Cervical Stenosis - Introduction
Cervical StenosisIn the neck there are 7 bones known as the cervical vertebrae, with cushions (called discs) between each vertebra at the front and a joint between each bone at either side at the back of the spinal cord. The mobility of the neck as part of everyday life inevitably means that there is a normal “wear and tear” aspect to the cervical spine as we get older- both in the discs and in the joints. Between each bone there is a space (foramen) for a nerve to leave the spinal canal, which if narrowed means a compression of the nerve (much like in the lumbar spine). One of the problems that can occur in the cervical spine is called Cervical Stenosis or Degenerative Cervical Myelopathy (DCM). Myelopathy means that the spinal cord is compressed. This can occur when the spinal canal is restricted due to degeneration in the discs and bones (stenosis), causing the cord to get narrower.
Who gets it and When/What causes this?Spinal cord stenosis (abnormal narrowing) affects mainly older individuals and results from continuous, very slowly increasing degenerative changes affecting the mobile segments of the vertebral column.
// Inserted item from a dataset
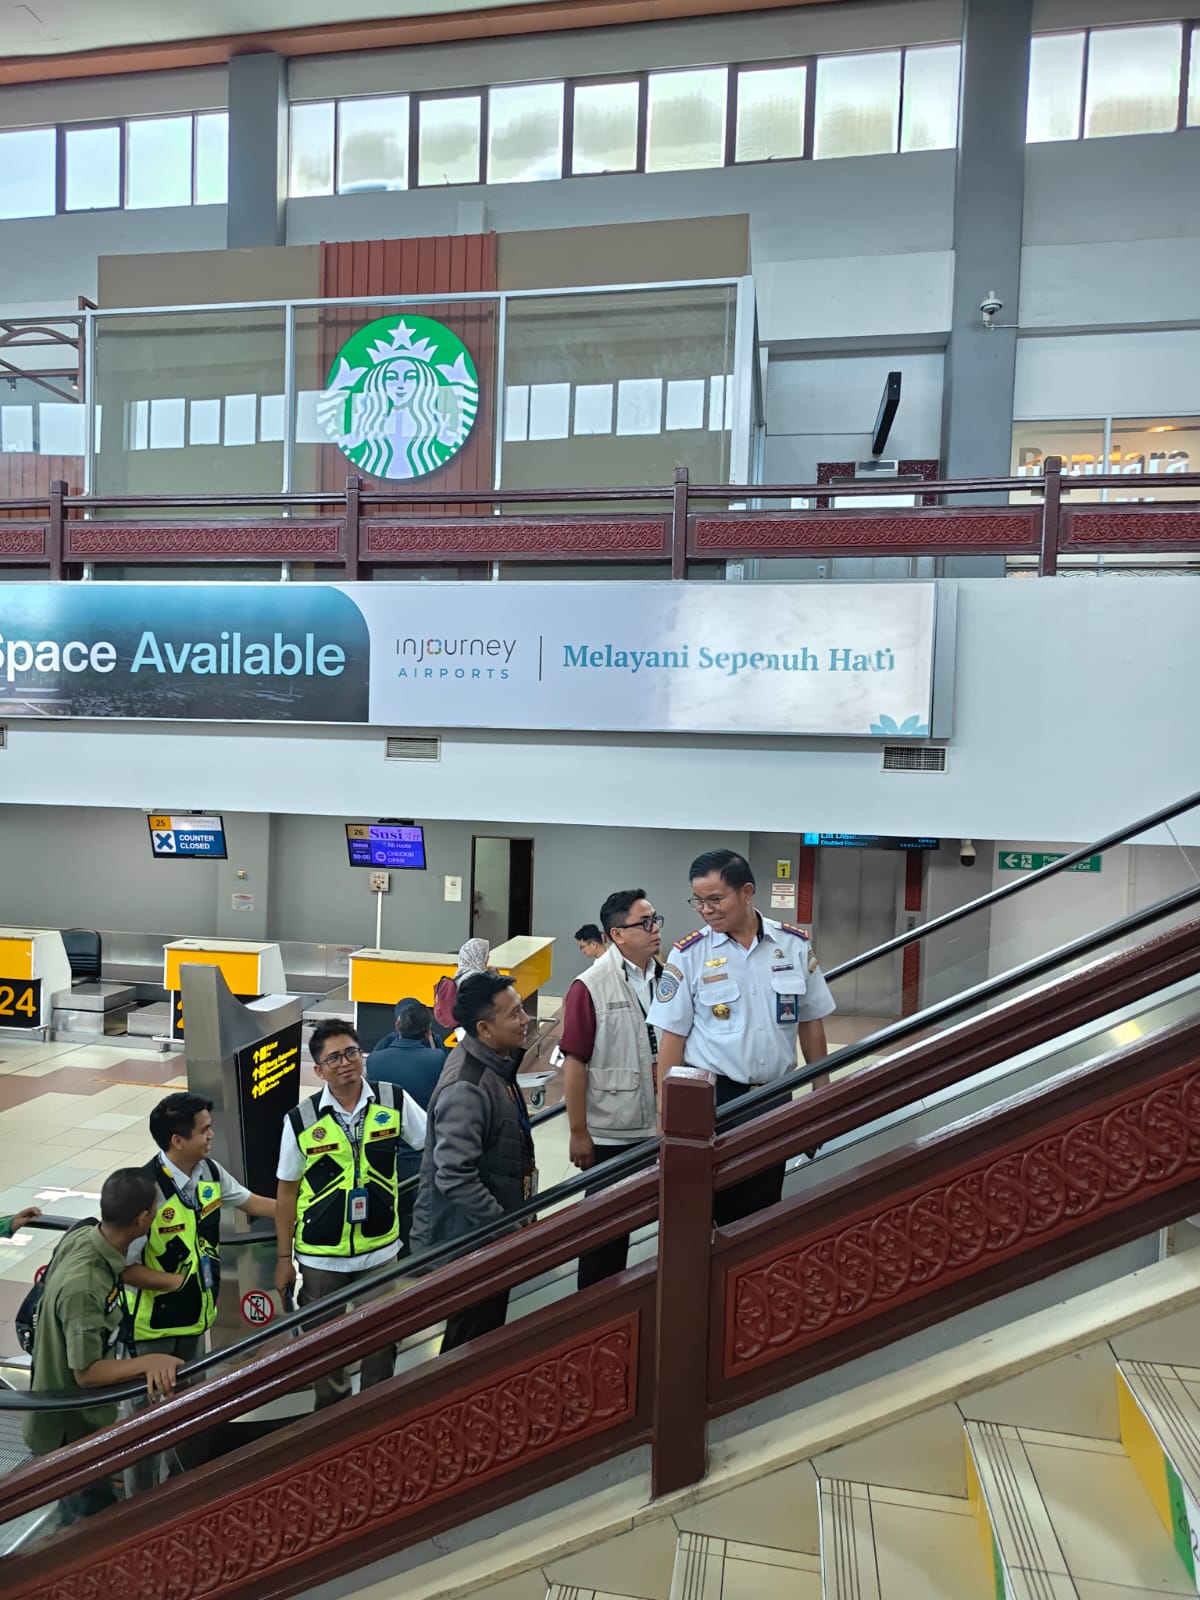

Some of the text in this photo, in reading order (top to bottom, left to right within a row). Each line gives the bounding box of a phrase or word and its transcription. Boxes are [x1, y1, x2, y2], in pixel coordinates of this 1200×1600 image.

The intervertebral discs become less flexible and the small joints between vertebrae become less mobile. These 2 flexible components of the vertebral column try to perform their function despite these changes. Ligaments on both the front and the back of the spine become thicker because they are no longer stretched. The thicker these ligaments become, the more they press on the spinal cord from the front and the back. This pressure leads to a decrease in the blood supply in this area and consequently to the deterioration of the spinal cord function.
Other less common causes of spinal cord narrowing are: fractures, tumours, infections and congenital abnormalities.